My text book proved this like following.

$bab^2a＝a^4b^2a\to ba＝a^4b^2$

$a^4b^2a＝a^3b$ (omitted some process), so $ab^2a＝b$

$b^2a^2＝1, a＝a^4b^3a b^3a^2＝1, b^3＝b^2\to b＝1, a＝1$

This proof is too difficult for me to imitate because there is no oriented strategy of each process.
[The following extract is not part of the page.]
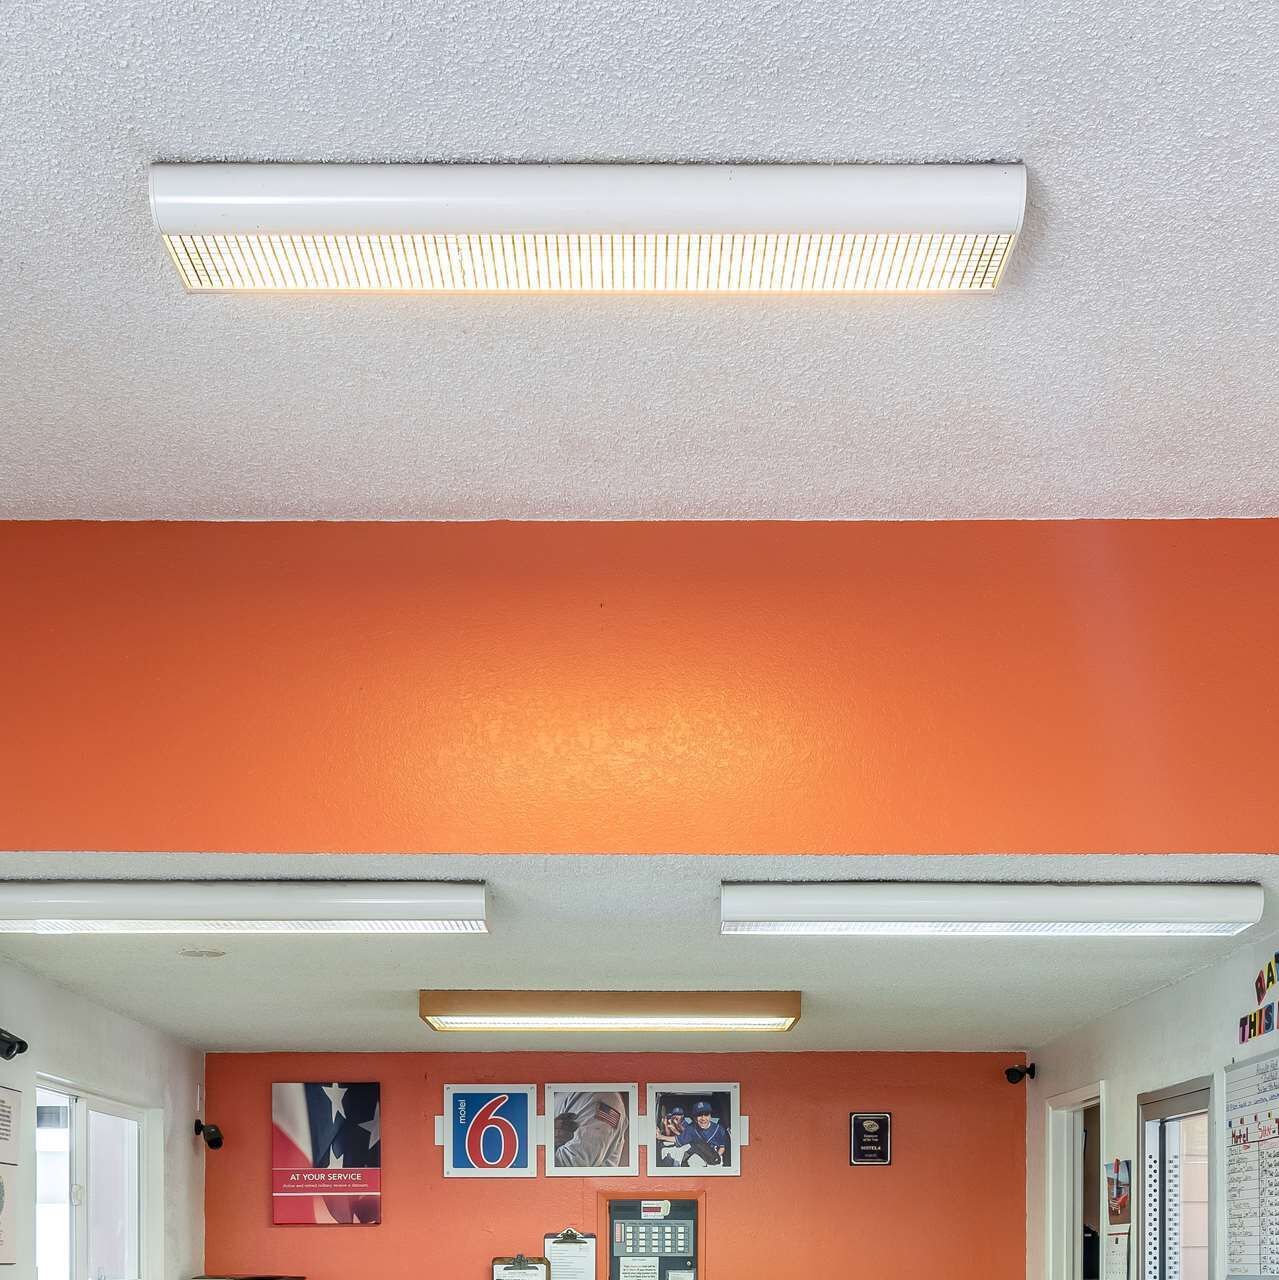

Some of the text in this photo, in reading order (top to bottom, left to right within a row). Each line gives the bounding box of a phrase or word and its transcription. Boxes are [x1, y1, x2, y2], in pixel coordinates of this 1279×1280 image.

[1240, 1003, 1275, 1043] THIS
[458, 1094, 519, 1168] motel 6
Firstly, I cannot understand why we should start from $bab^2a$.

Other way to prove is also appreciated, I would be happy if you could give me an strategy of deformation.

Answer 1

One way to see that $\langle a,b\mid ab^2＝b^3a, ba^2＝a^3\rangle$ defines the trivial group is to use the second relator as follows: $$\begin{align*} ba^2&=a^3\\ \Rightarrow ba^2\cdot a^{-2}&=a^3\cdot a^{-2}\\ \Rightarrow b&=a \end{align*}$$ Then rewrite $b\rightarrow a$ in the first relator: $$\begin{align*} ab^2&=b^3a\\ \Rightarrow a^3&=a^4\\ \Rightarrow a&=1, b=1\end{align*}$$ Hence, the group is trivial.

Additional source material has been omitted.